El Cadafal
Aquel artefacto de hierro que parece una mini cárcel con barrotes, con la pintura desconchada y atacado por el óxido, ubicado en un andurrial lleno de hierbajos y abandonado a su suerte, que en la chapa a modo de tejadillo aún puede leerse a duras penas, un nombre chocante en lengua vernácula, este esqueleto férreo a merced de los elementos es, lo que por aquí se denomina: UN CADAFAL. Un refugio a modo de escondrijo en el recorrido taurino. Una apretada atalaya para ver los toros en las fiestas de cualquier pueblo de nuestro entorno. Y es que, no sé dónde lo he leído, la provincia de Castellón es el lugar donde más toros cerriles se exhiben por las calles. Pero toros de todo tipo, desde novillos hasta cinqueños. Desde toros de corro provinciales, a ejemplares de las ganaderías más renombradas de la cabaña brava española. Aquí el toro es el rey de la fiesta, y se quiera o no, forma parte del paisaje festivo y de los carteles anunciadores de cada pueblo. Destacando en el propio taurino, con todos los ejemplares fotografiados y con la filiación exacta. Pero vamos al título del artículo, porque en ese reducto metálico denominado “Carafal en mi pueblo”, se concentran la mayoría de sensaciones que evocan los aconteceres en las largas tardes noches de toros.

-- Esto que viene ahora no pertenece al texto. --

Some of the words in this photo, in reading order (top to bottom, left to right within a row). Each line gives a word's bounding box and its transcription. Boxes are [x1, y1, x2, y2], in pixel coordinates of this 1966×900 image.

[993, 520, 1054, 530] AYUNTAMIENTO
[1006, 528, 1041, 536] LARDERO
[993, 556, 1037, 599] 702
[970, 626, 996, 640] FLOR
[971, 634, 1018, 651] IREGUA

Todo empieza con la unión de voluntades para su construcción, allí confluyen valores como la amistad, compañerismo, familiaridad y el deseo comunal ilusionante de convivir en unas jornadas especiales, que anualmente se vienen desarrollando en el mismo lugar, a la misma hora, con las mismas caras. En este reducido espacio ubicado en su minúsculo solar, (4x3 metros) se susurran todo tipo de confidencias, críticas, chistes, risas, gritos, cantos e incluso amoríos. Allí, entre esas acicaladas herrumbres se bebe, se come, se riñe, se discute, se descansa, te dan el tostón, mientras sirve de pasadizo seguro cuando el animal anda suelto, y lo más importante, de escondrijo seguro ante las acometidas del toro. Desde el tejadillo se vislumbran en primera fila los recortes, las emboladas, las arrancadas del toro, los mansos, las vaquillas, los encierros y hasta el paseíllo multitudinario de gentes que ya no verás el resto del año.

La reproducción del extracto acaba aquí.